A friend found the following chart about the "carbon cycle", and sent me an exasperated note, having given up on figuring it out. The chart came from a report, and was reprinted in Ars Technica (link).

The problem with the chart is that the designer is speaking to the choir. One must know a lot about the carbon cycle already to make sense of everything that's going on.

We see big and small arrows pointing up or down. Each arrow has a number attached to it, plus a range inside brackets. These numbers have no units, and it's not obvious what they are measuring.

The arrows come in a variety of colors. The colors are explained by labels but the labels dexcribe apparently unrelated concepts (e.g. fossil CO2 and land-use change).

Interspersed with the arrows is a singular dot. The dot also has a number attached to it. The number wears a plus sign, which signals it's being treated differently than the quantities with up arrows.

The singular dot is an outcast, ostracized from the community of dots in the bottom part of the chart. These dots have labels but no numbers. They come in different sizes but no scale is provided.

The background is divided into three parts, showing the atmosphere, the land mass, and the ocean. The placement of the arrows and dots suggests each measured quantity concerns one of these three parts. Well... except the dot labeled "surface sediments" that sit on the boundary of the land mass and the ocean.

The three-way classification is only one layer of the chart. A different classification is embedded in the color scheme. The gray, light green, and aquamarine arrows in the sky find their counterparts in the dots of the land mass, and the ocean.

What's more, the boundaries between land and sky, and between land and ocean are also painted with those colors. These boundary segments have been given different colors so that the lengths of these segments seem to contain data but we aren't sure what.

At this point, I noticed thin arrows which appear to depict back and forth flows. There may be two types of such exchanges, one indicated by a cycle, the other by two straight arrows in opposite directions. The cycles have no numbers while each pair of straight thin arrows gets two numbers, always identical.

At the bottom of the chart is a annotation in red: "Budget imbalance = -1.0". Presumably some formula ties the numbers shown above to this -1.0 result. We still don't know the units, and it's unclear if -1.0 is a bad number. A negative number shown in red typically indicates a bad number but how bad is it?

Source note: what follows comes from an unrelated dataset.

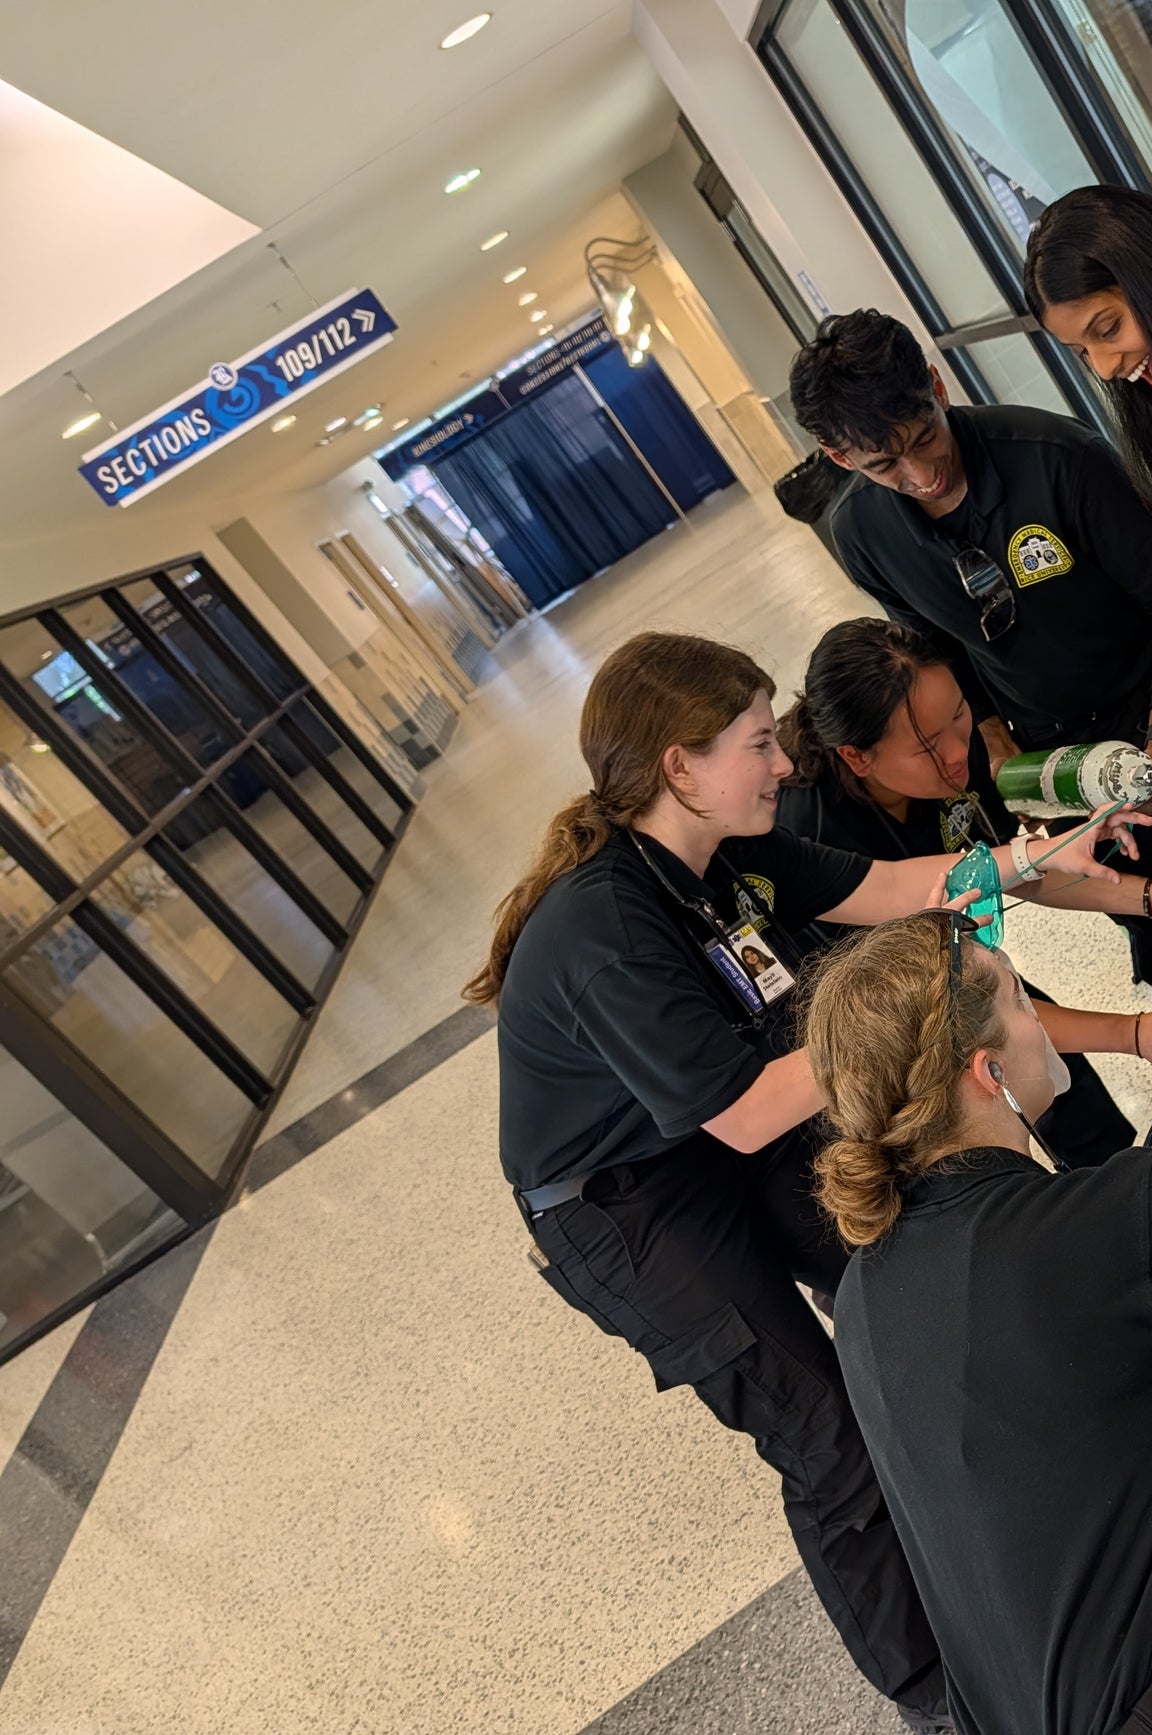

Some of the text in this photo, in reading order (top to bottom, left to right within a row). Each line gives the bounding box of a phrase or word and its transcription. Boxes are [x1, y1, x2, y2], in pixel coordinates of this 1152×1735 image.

Finally, on the top right corner, I found a legend. It's not obvious at first because the legend symbols (arrows and dots) are shown in gray, a color not used elsewhere on the chart. It appears as if it represents another color category. The legend labels do little for me. What is an "anthropogenic flux"? What does the unit of "GtCO2" stand for? Other jargon includes "carbon cycling" and "stocks". The entire diagram is titled "carbon cycle" while the "carbon cycling" thin arrows are only a small part of the diagram.

The bottom line is I have no idea what this chart is saying to me, other than that the earth is a complex system, and that the designer has tried valiantly to impregnate the diagram with lots of information. If I am well read in environmental science, my experience is likely different.

The New York Times put out a master class in visualizing space and time data recently, in a visualization of five waves of Covid-19 that have torched the U.S. thus far (link).

The project displays one dataset using three designs, which provides an opportunity to compare and contrast them.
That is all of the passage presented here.